开发者

Which processor architecture is best suited for biginteger arithmetic?

开发者 https://www.devze.com 2023-04-03 16:10 出处:网络
If I were to write assembly code for large integer calculations (e.g. prime factoring, modulo calculat开发者_如何学Pythonions, etc.) with a focus on speed, which architecture would be best suited for

If I were to write assembly code for large integer calculations (e.g. prime factoring, modulo calculat开发者_如何学Pythonions, etc.) with a focus on speed, which architecture would be best suited for this: x86(-64), ARM, PowerPC, MIPS or others?


If you work with a small number of variable-size numbers, I think POWER 6 would suit your needs best (although I didn't work with this architecture) since it provides high IPC and very high frequency (up to 5GHz).
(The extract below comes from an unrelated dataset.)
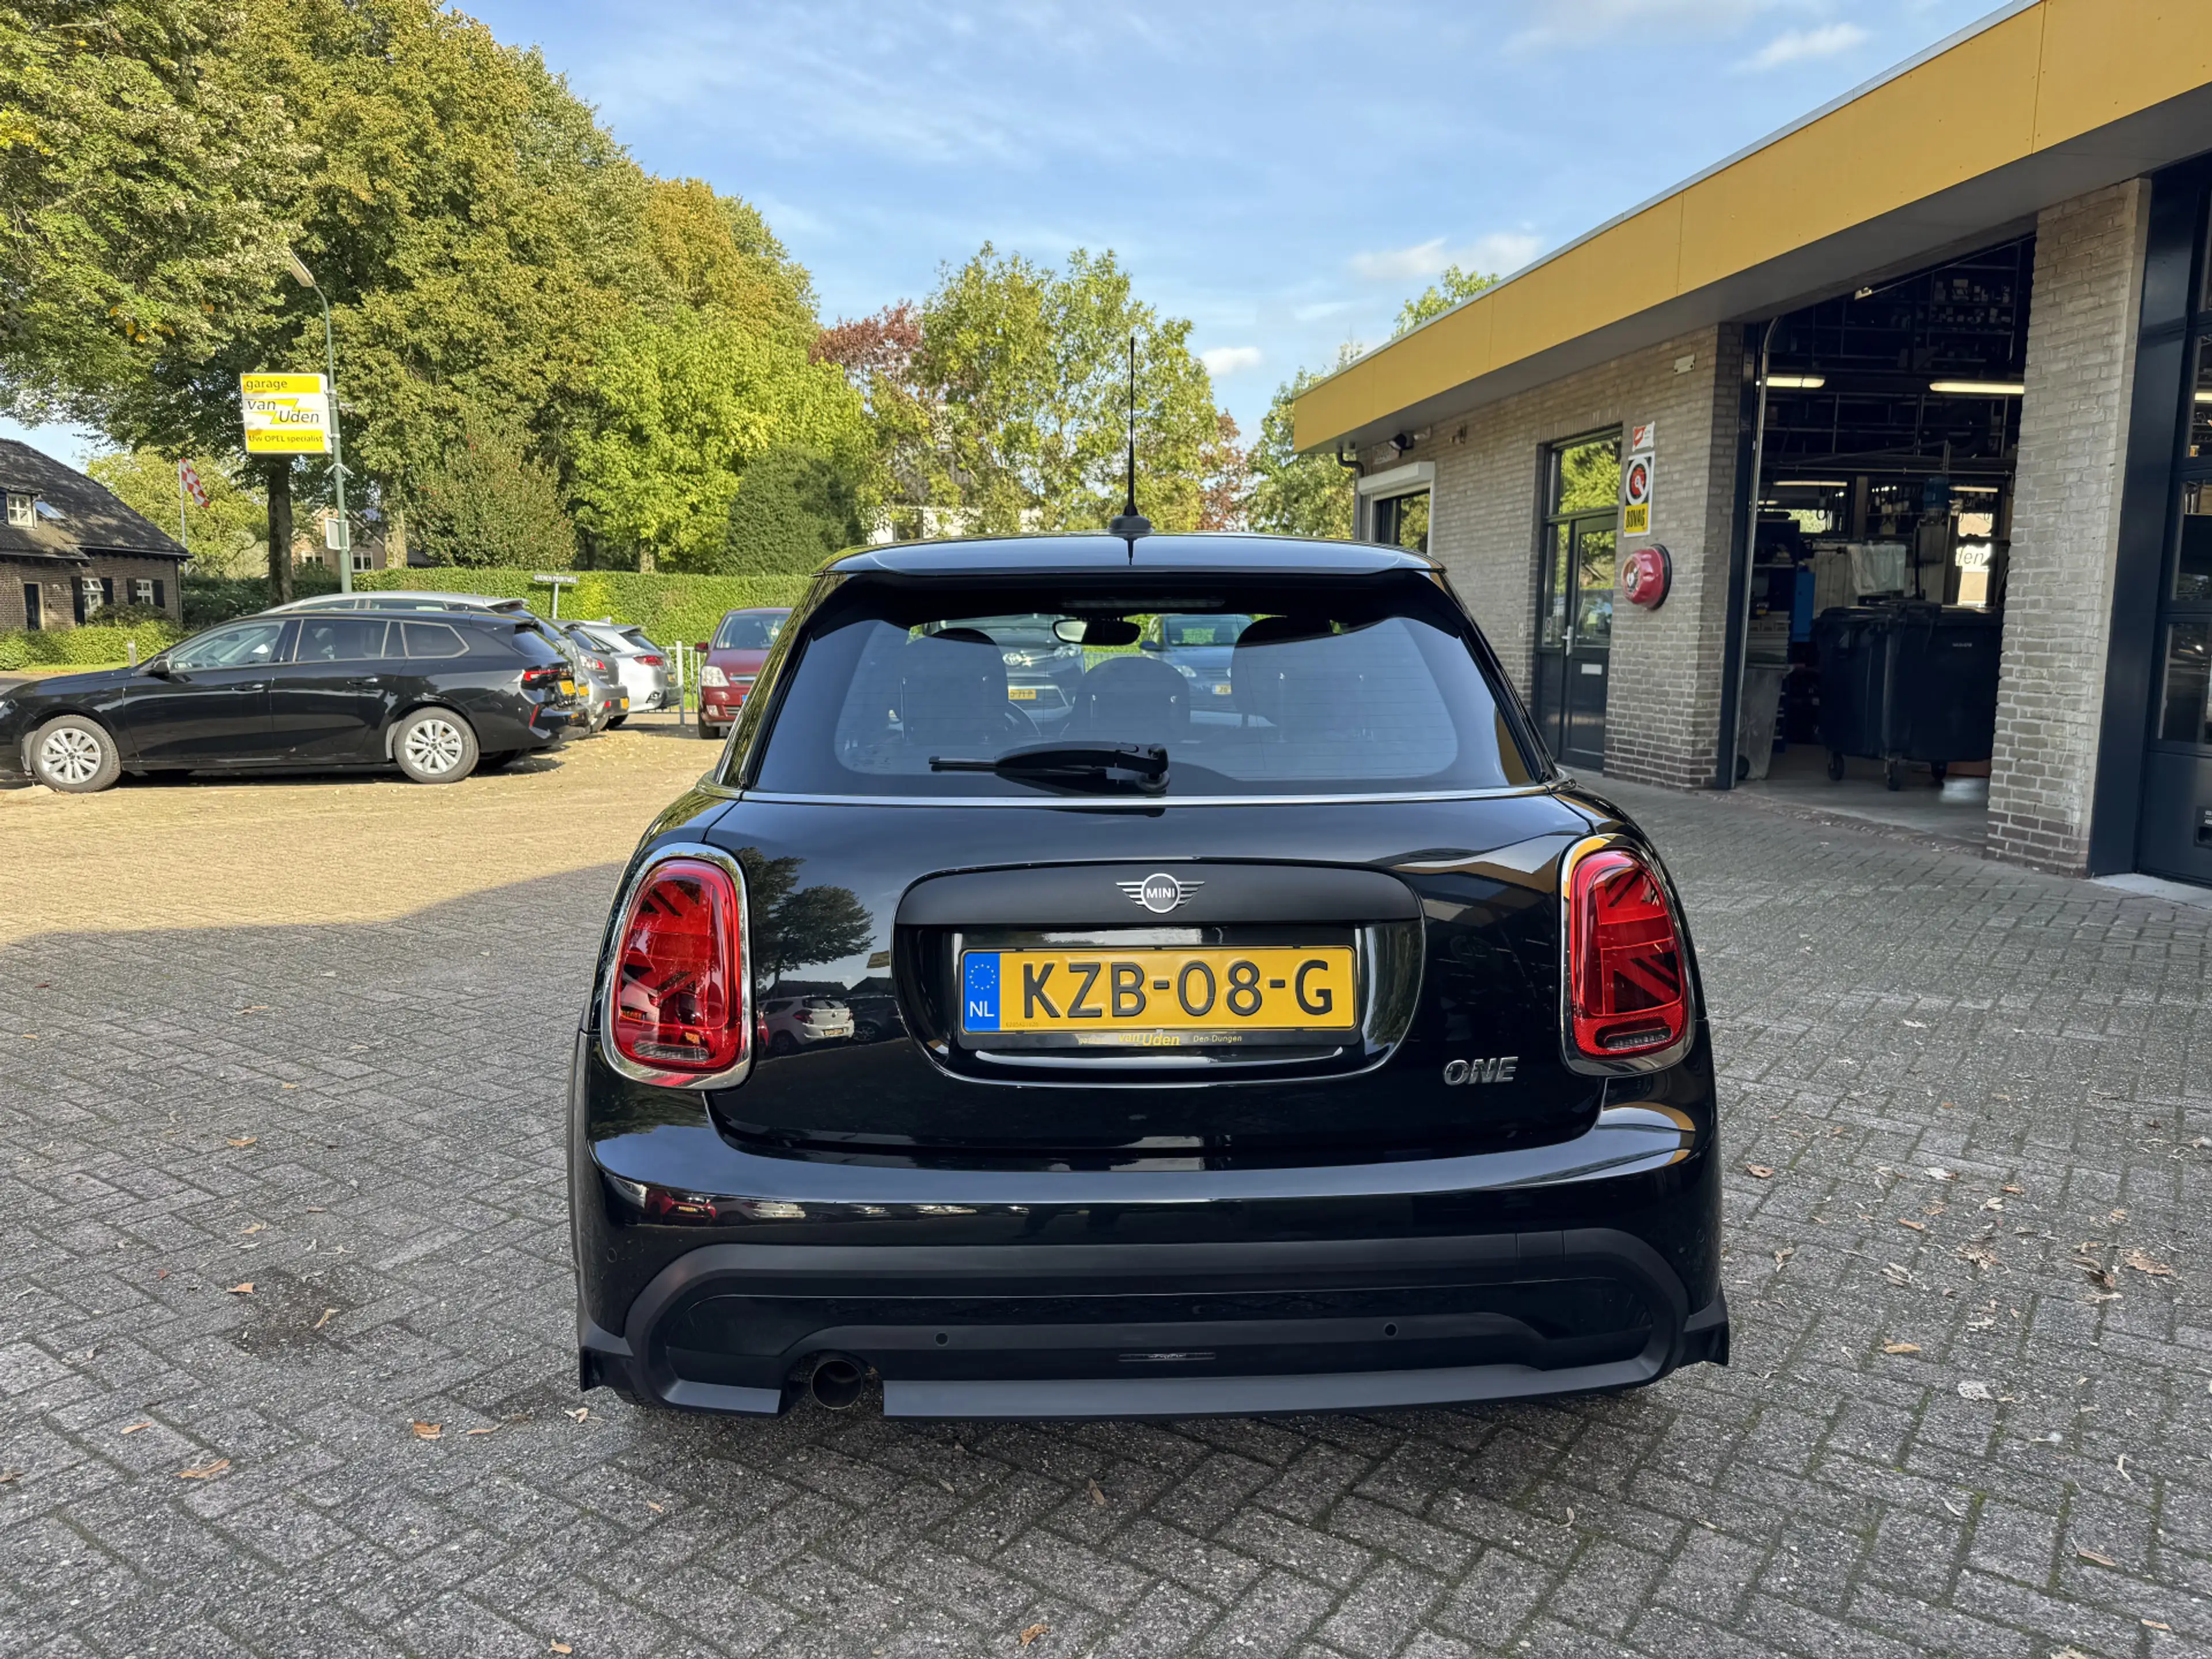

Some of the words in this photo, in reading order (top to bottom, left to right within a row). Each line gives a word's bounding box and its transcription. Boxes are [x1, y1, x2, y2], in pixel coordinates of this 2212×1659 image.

It you work with a large number of fixed-size numbers, x86-64 would be the best choice as it has SIMD operations which work on 64-bit numbers, and you can use those operations to speed up long arithmetic operations on multiple numbers. You will likely need an SSE 4.2-capable CPU (Intel Nehalem/Westmere/Sandy Bridge, or the upcoming AMD Bulldozer) since the 64-bit compare instruction PCMPGTQ was only added in SSE 4.2

Also, these GMP benchmark results might be interesting for you


IMO nothing beats x86-64, because no one else cares about higher-precision arithmetic

Many RISC architectures like MIPS, DEC Alpha, or RISC-V don't have a flag register so you'll need a separate instruction to get the carry. Therefore they're bad choices and eliminated right away. For example to do a += b in MIPS you need

addu aLow, aLow, bLow     # aLow += bLow
sltu tmp, aLow, bLow      # carry: tmp = (aLow < bLow)
addu aHigh, aHigh, bHigh  # aHigh += bHigh
addu aHigh, aHigh, tmp    # aHigh += carry

With a carry flag you need only 2 instructions: add aLow, bLow; adc aHigh, bHigh

The MIPS designers could have done it better, but they didn't

Higher clock helps as Marco van de Voort said, but those architectures don't have 50%-100% faster clock than the equivalent x86. The remaining things he said are fairly incorrect. It's important to note that arbitrary-precision math isn't trivially parallelized, therefore

  • Superscalar (more ALUs) doesn't help much because of the dependency chain, which prevents instructions to be run in parallel
  • Multiple cores and/or multiple sockets are also relatively useless for the same reason.
  • SIMD also won't generally help, because it's meant for processing multiple separate pieces of data and not a single big large integer. You don't have any way to propagate the carry from the lower limb to the next one. See
    • Is it possible to use SSE and SSE2 to make a 128-bit wide integer?
    • Is there hardware support for 128bit integers in modern processors?
    • Is __int128_t arithmetic emulated by GCC, even with SSE?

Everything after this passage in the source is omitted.